Empty supermarket shelves in the early stages of the coronavirus pandemic have put grow-your-own back on the world’s agenda, and nowhere more so than in China, where ensuring food supplies for its huge population has been a political priority for decades. Simply diversifying imports may not satisfy hawkish voices. Emphasizing domestic production, though, will extract a heavy toll for a country with a fifth of the globe’s people, but roughly a 10th of arable land and less than 6% of water resources.
For a nation scarred by famine, it’s hard to overstate the importance of food security. That was true long before 1994, when US environmental pioneer Lester Brown drew international attention to the potential consequences of scarcities by asking who would feed China when it boomed. Officials fear inflation as a potential cause of social and political instability — not without reason, given that rising prices helped provoke the Tiananmen Square protests. Agricultural imports, of course, have a tendency to become tangled in diplomatic spats.
The answer was historically a simple one: self-sufficiency, particularly in grains like wheat, rice and corn. The idea has been hard to shake, even if the exact meaning of the phrase has softened over the years. Then came the 2020 pandemic, pressing everyone to fret about messy distribution chains.

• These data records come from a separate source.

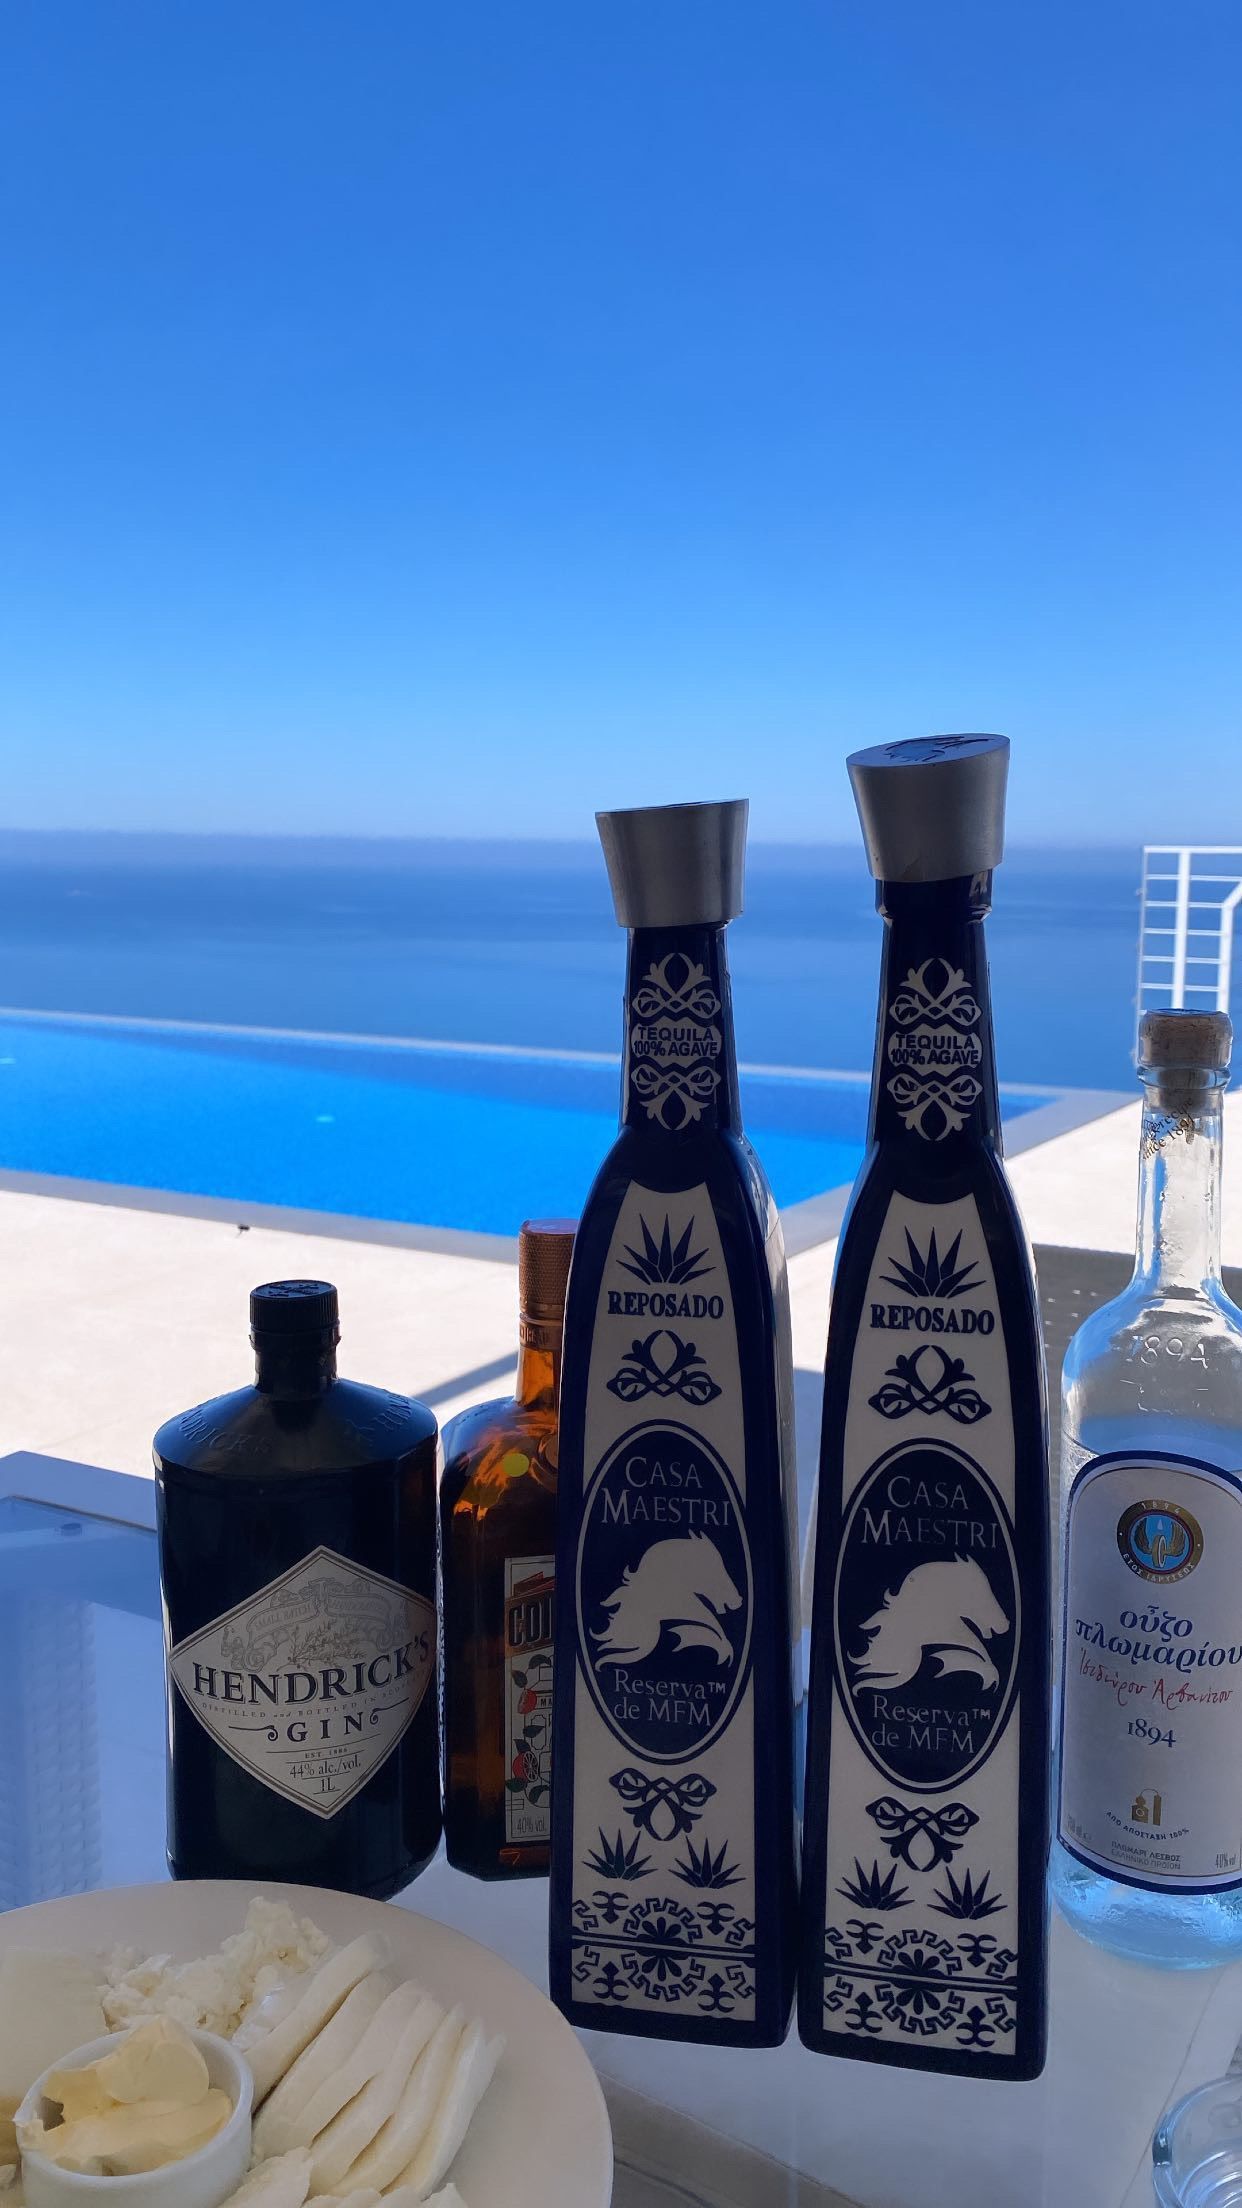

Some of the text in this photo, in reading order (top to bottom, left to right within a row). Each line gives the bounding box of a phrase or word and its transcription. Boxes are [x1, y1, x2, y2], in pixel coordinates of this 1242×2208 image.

[633, 1040, 718, 1058] 100% AGAVE
[638, 1025, 714, 1043] TEQUILA
[896, 1033, 975, 1050] TEQUILA
[891, 1048, 979, 1066] 100% AGAVE
[607, 1290, 724, 1320] REPOSADO
[869, 1303, 995, 1336] REPOSADO
[625, 1456, 703, 1489] CASA
[601, 1487, 732, 1526] MAESTRI
[887, 1475, 969, 1511] CASA
[861, 1506, 998, 1549] MAESTRI
[191, 1630, 430, 1706] HENDRICK'S
[286, 1711, 365, 1743] GIN
[613, 1696, 712, 1727] de MFM
[871, 1723, 975, 1755] de MFM
[1127, 1718, 1177, 1749] 1894
[289, 1763, 315, 1779] 44%
[320, 1777, 337, 1792] 1L

Officials freshened up plans and, projecting an image of self-reliance, Premier Li Keqiang told China’s parliament last month that it was imperative to ensure food supply, while rewarding grain-producing counties and boosting the minimum purchase price for rice.
That doesn’t mean the country can simply set the clock back to 1996, when China outlined a strict grain self-sufficiency policy — or that it plans to. In part, what China is doing now is a regular rebalancing of the official position, says Thomas David DuBois at Beijing Normal University. A back-to-the-future move would be nigh-impossible. China has become a member of the World Trade Organization. Households eat larger portions and tuck into more protein, increasing demand for grain to feed livestock. Imports of produce have climbed. While China has rice and wheat, it relies on overseas markets like the US, Brazil and Argentina for soybeans. It has also sought to increase meat imports. Agricultural purchases have been key to a trade truce with Washington.
Certainly, the cost of past domestic ambitions has already been extortionate. In environmental terms, the damage has meant fertilisers used at four times the global rate, degraded soil and scarce water. Then there’s the financial blow: According to the World Bank, input subsidies rose sevenfold between 2006 and 2010. By that final year, government support for producers amounted to 17% of gross farm receipts. This rising bill, along with other changes, including growing international clout, accounts for Beijing’s more balanced approach after late 2013, when policy began to lean towards imports, sustainability, investing abroad and modernising at home.